<<<<

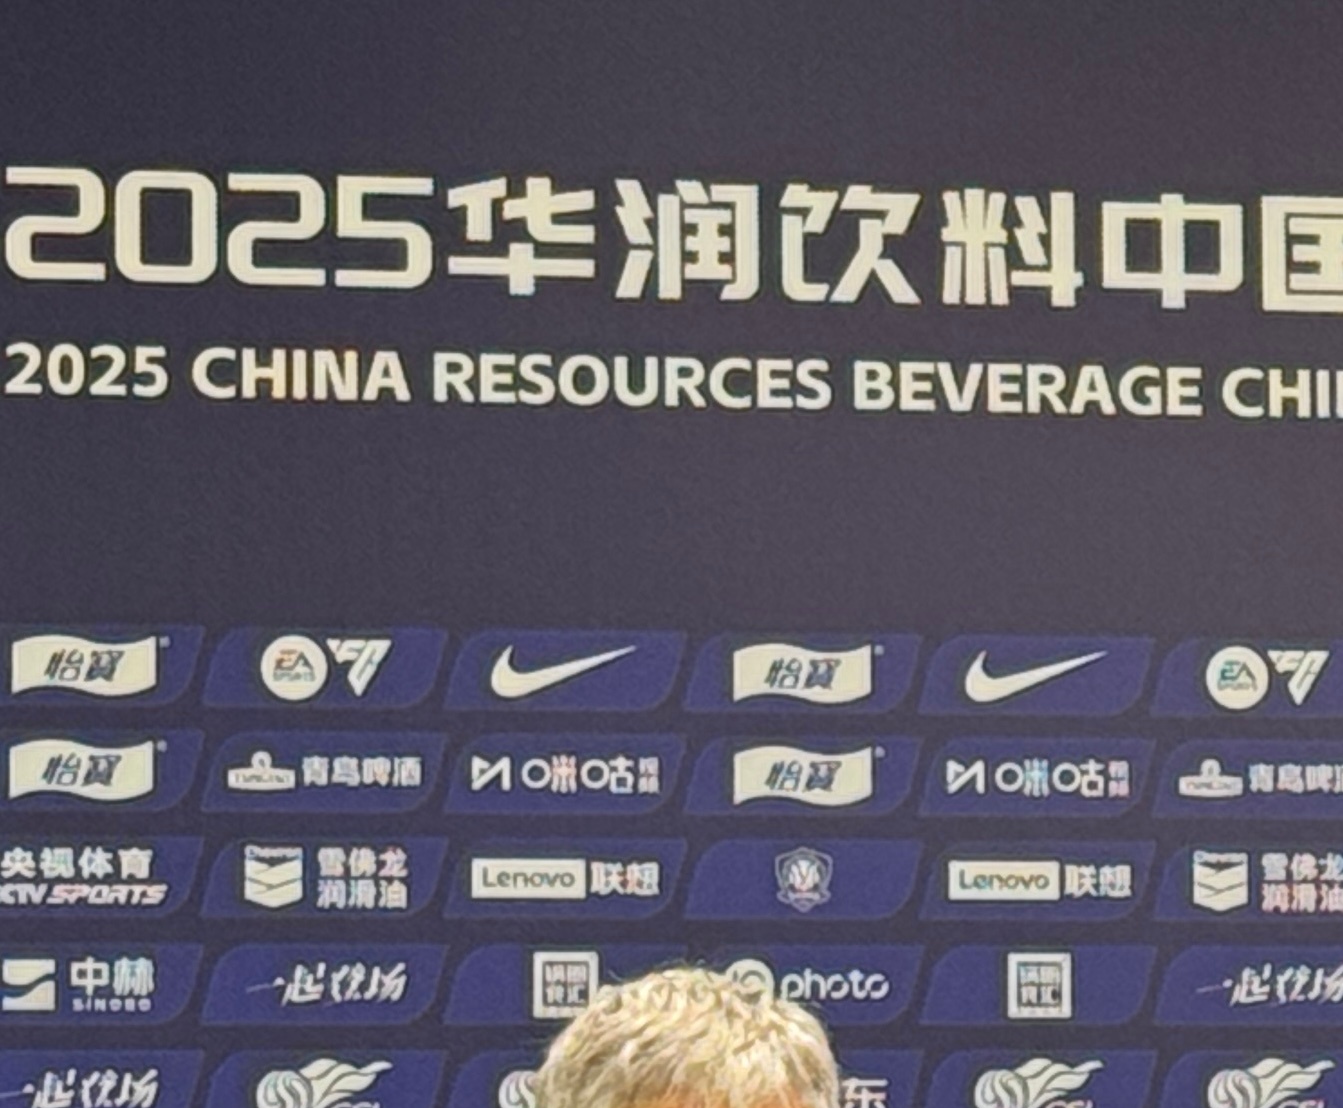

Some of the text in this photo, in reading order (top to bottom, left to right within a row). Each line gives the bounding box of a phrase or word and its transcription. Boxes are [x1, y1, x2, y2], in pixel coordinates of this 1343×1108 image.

[6, 342, 167, 396] 2025
[192, 347, 410, 401] CHINA
[434, 353, 831, 409] RESOURCES
[854, 361, 1202, 415] BEVERAGE
[480, 866, 577, 891] Lenovo
[957, 867, 1050, 892] Lenovo
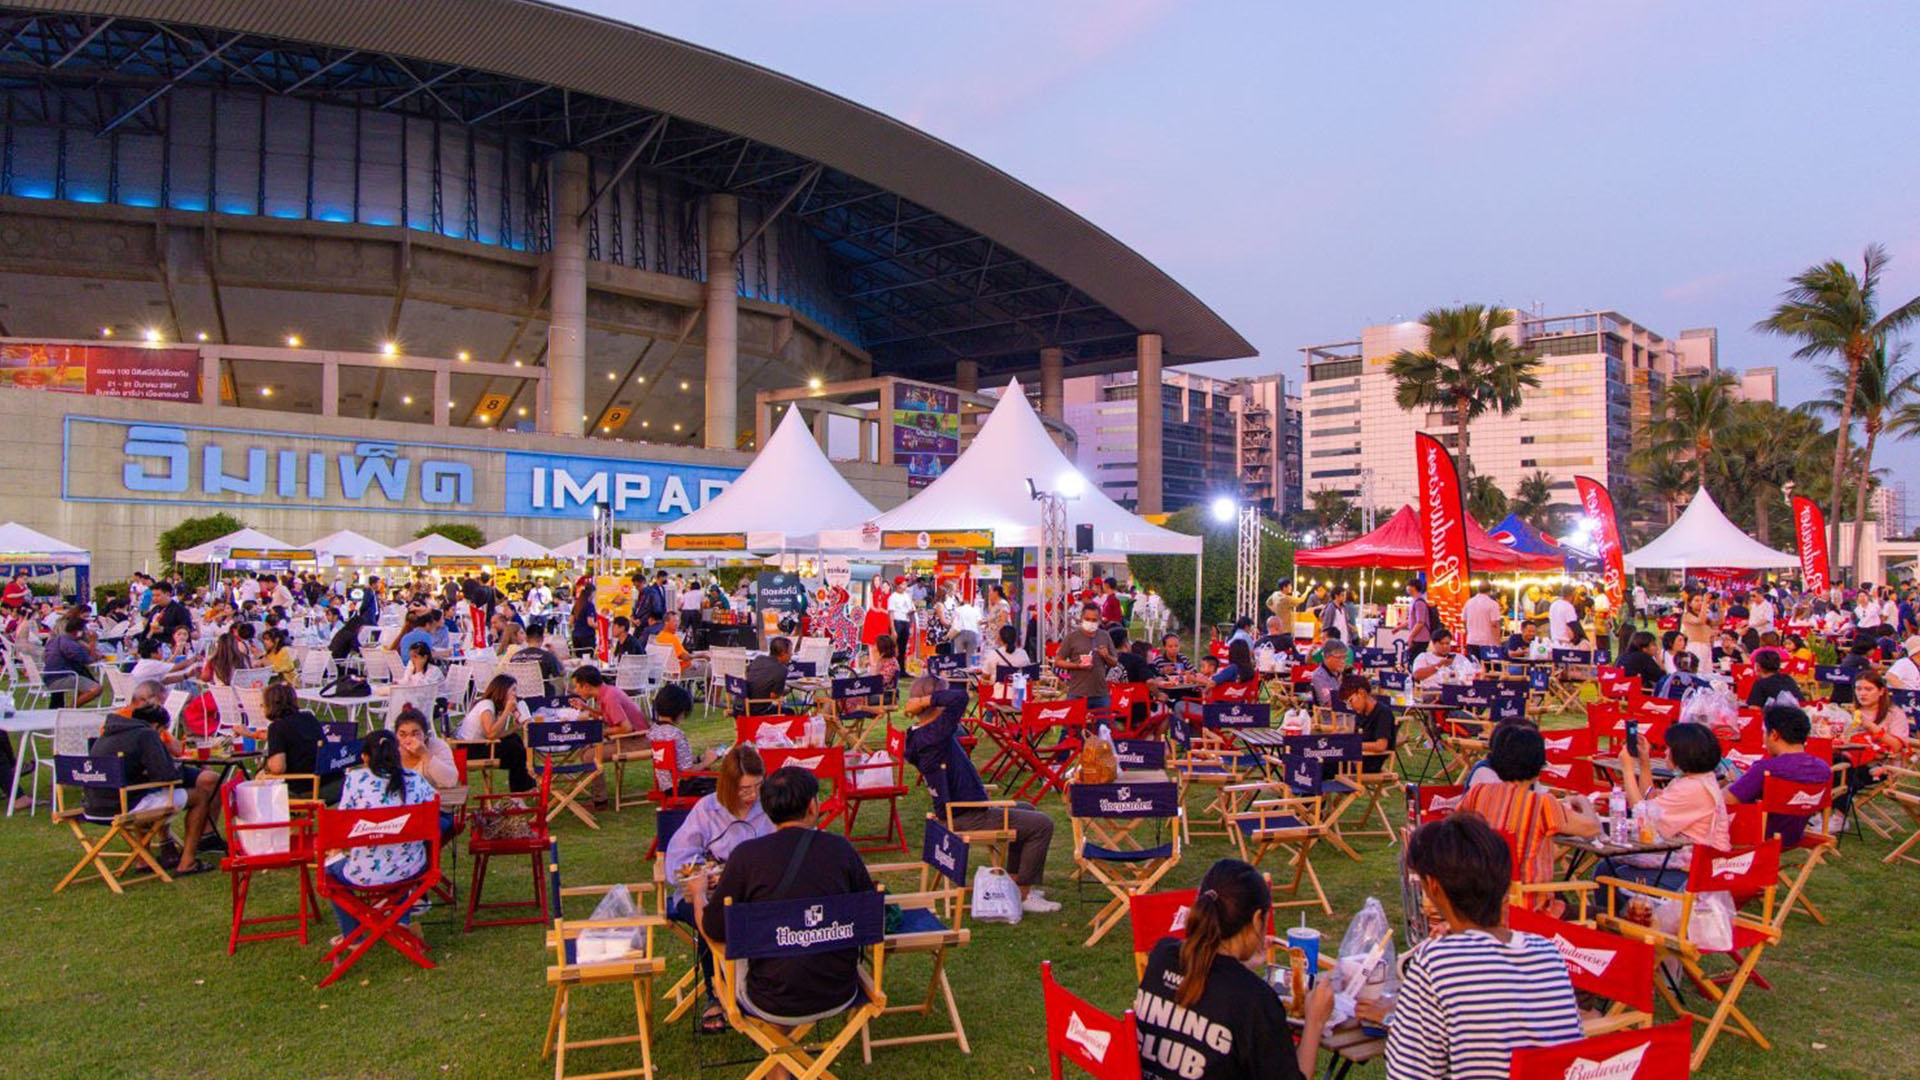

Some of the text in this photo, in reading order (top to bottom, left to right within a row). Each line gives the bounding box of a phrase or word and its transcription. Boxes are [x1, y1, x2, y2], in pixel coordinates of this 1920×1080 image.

[486, 399, 499, 410] 8
[609, 412, 621, 422] 9
[123, 425, 474, 505] อิมแพ็ค
[1426, 447, 1462, 594] Budweiser
[776, 921, 853, 947] Hoegaarden
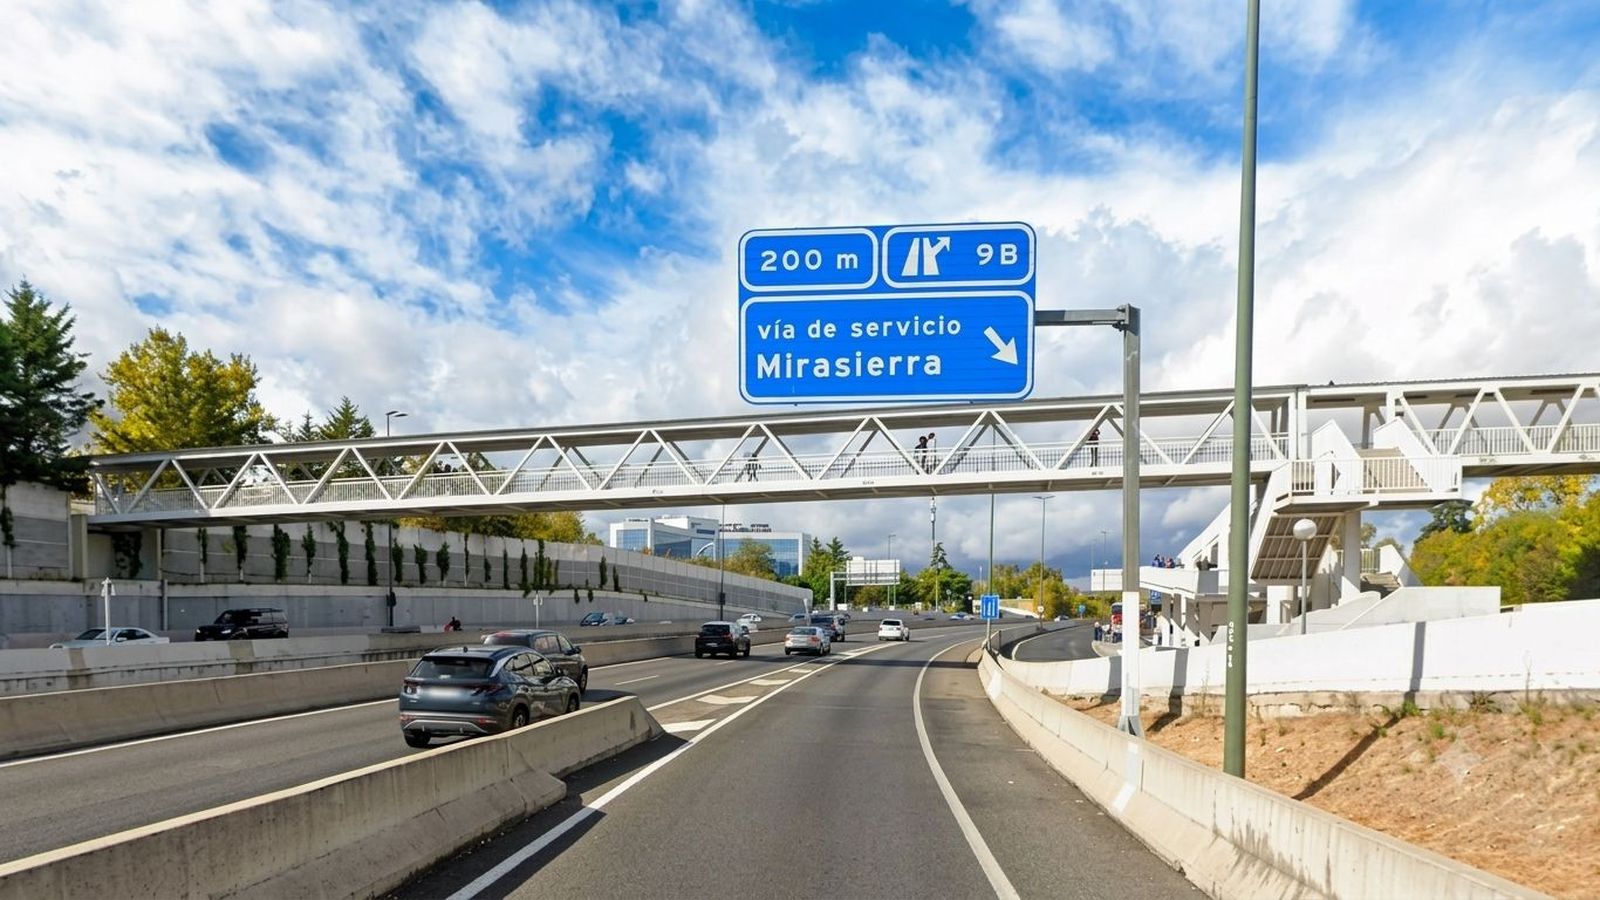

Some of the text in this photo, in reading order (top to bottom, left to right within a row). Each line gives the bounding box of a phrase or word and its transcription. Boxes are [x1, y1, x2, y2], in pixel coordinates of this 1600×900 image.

[760, 249, 859, 271] 200 m
[976, 243, 1018, 265] 9B
[757, 315, 962, 339] vía de servicio
[756, 351, 942, 379] Mirasierra
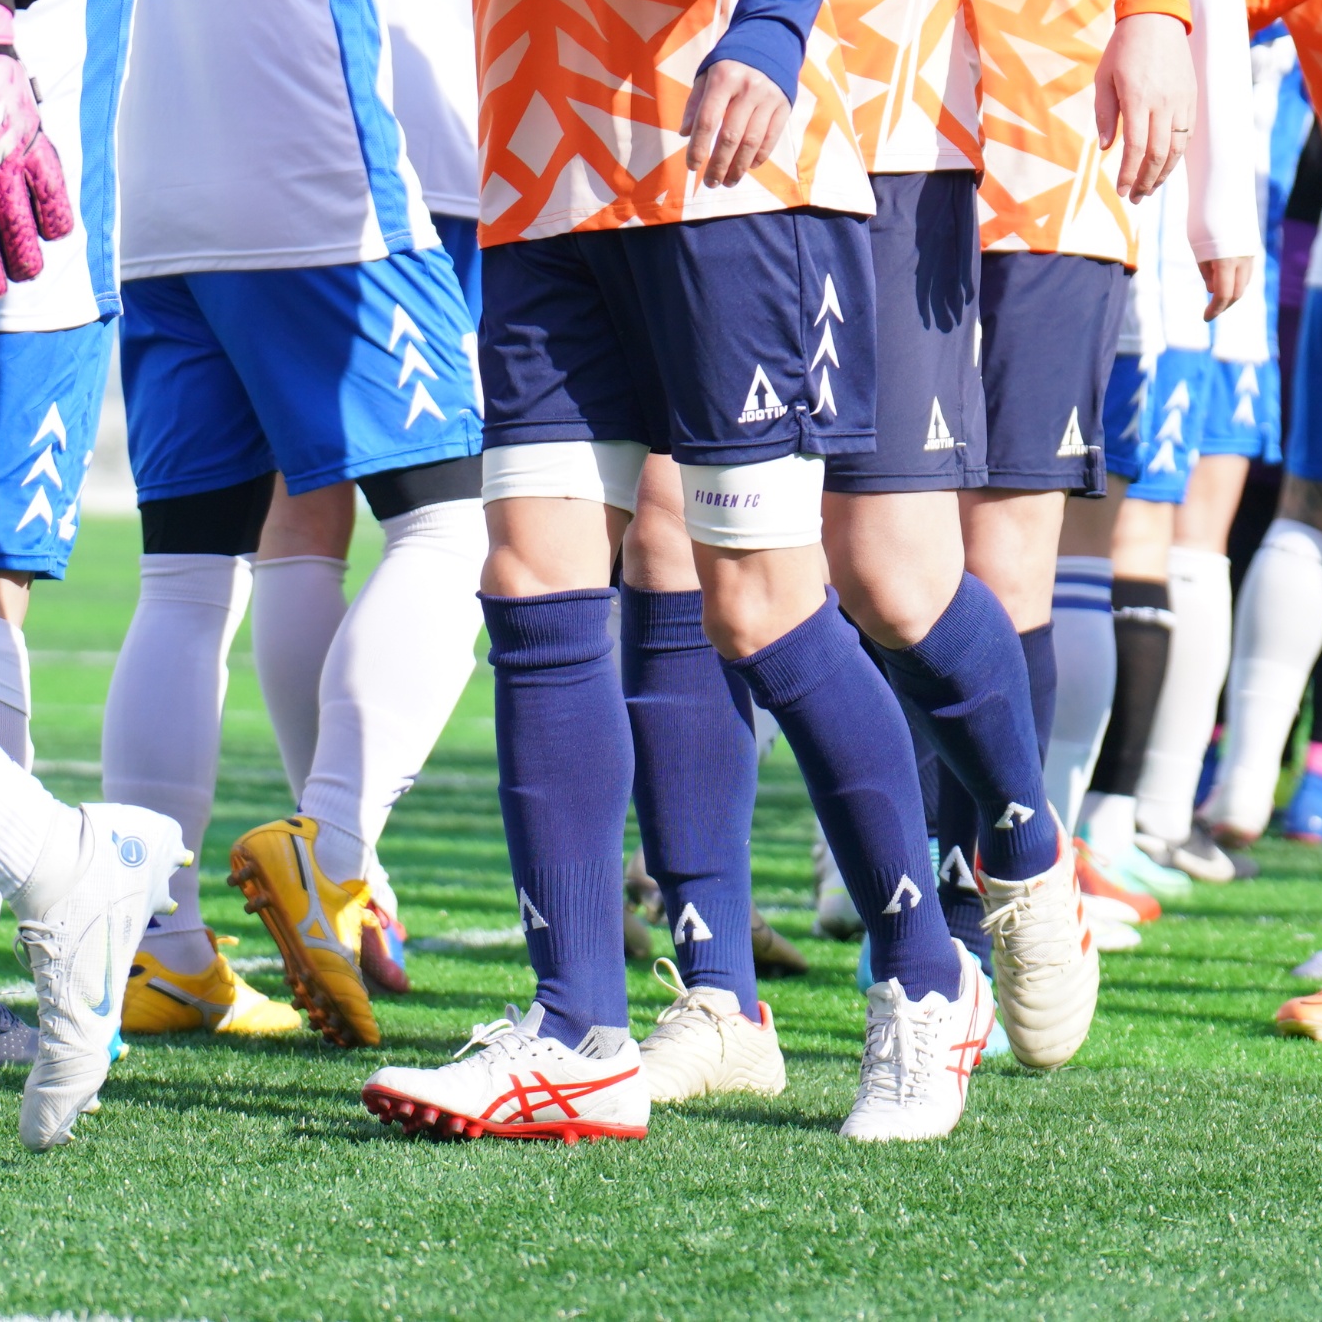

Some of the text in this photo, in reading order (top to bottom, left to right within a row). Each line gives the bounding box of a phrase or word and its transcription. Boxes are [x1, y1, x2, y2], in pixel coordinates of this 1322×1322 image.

[737, 404, 789, 424] JOOTIN
[695, 489, 761, 508] FIOREN FC
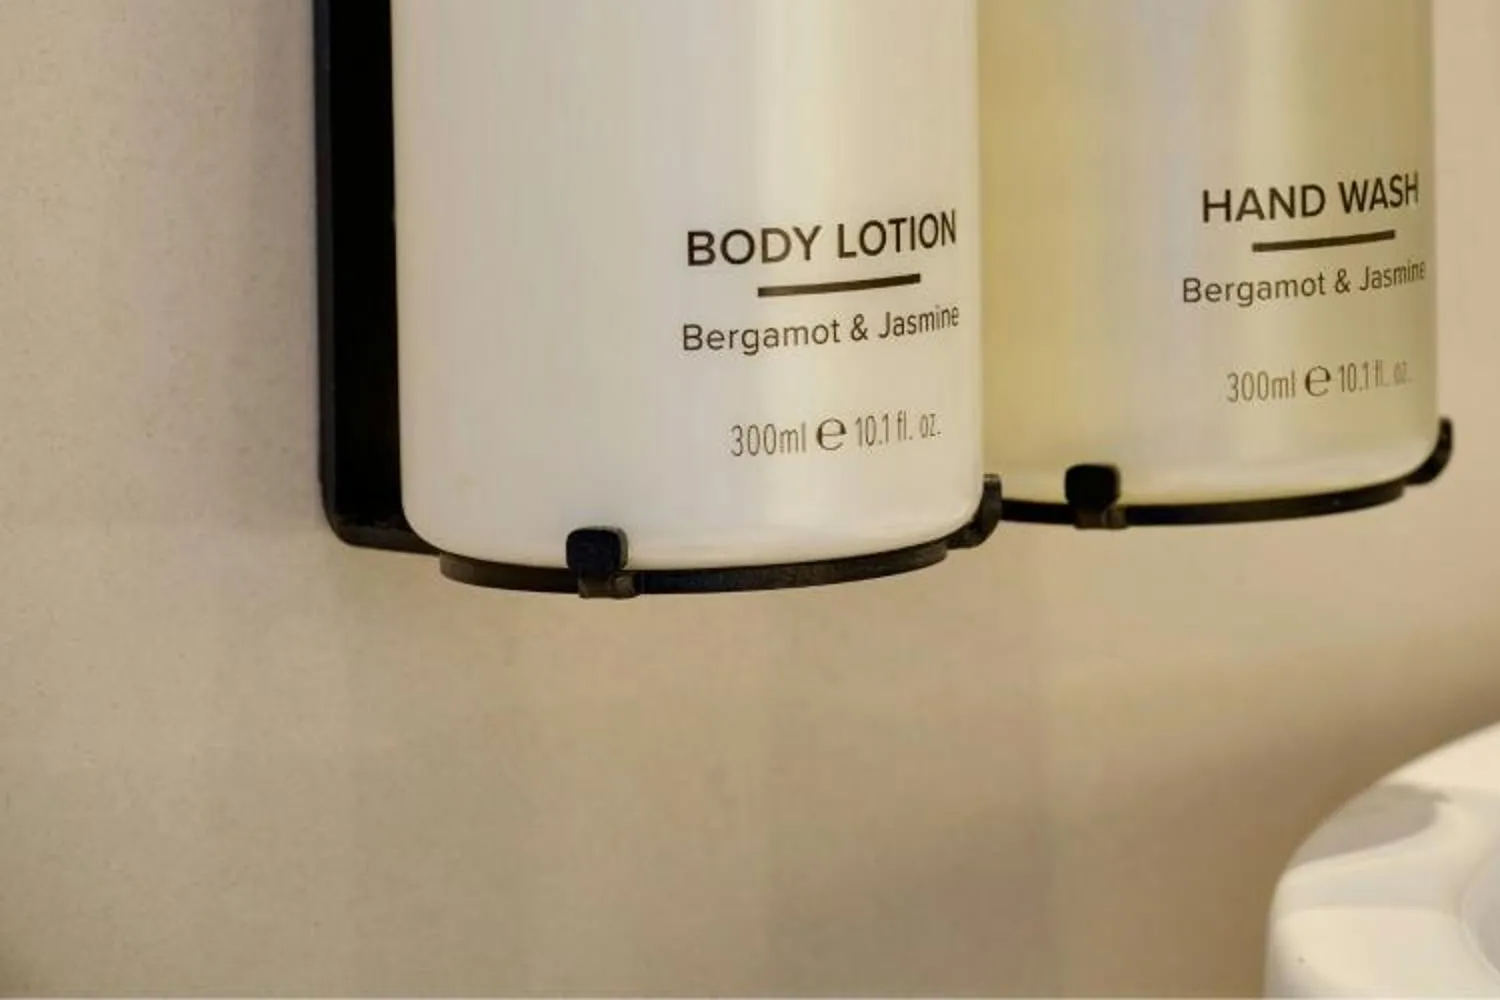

>>>>

*Task instructions:*
Leave out every picture and copy, exactly as written, the lines from the one with "this 1600×900 image." through the end of the records above.

*Task response:*
Some of the text in this photo, in reading order (top to bottom, left to right within a row). Each line gives the bounding box of a phrase or word and its transcription. Boxes are [x1, y1, x2, y2], in pixel coordinates of this 1600×900 image.

[760, 249, 859, 271] 200 m
[976, 243, 1018, 265] 9B
[757, 315, 962, 339] vía de servicio
[756, 351, 942, 379] Mirasierra

Some of the text in this photo, in reading order (top to bottom, left to right within a row). Each line gives the bounding box of a phrase or word and its transcription. Boxes are [x1, y1, x2, y2], in pixel coordinates of this 1322×1322 image.

[737, 404, 789, 424] JOOTIN
[695, 489, 761, 508] FIOREN FC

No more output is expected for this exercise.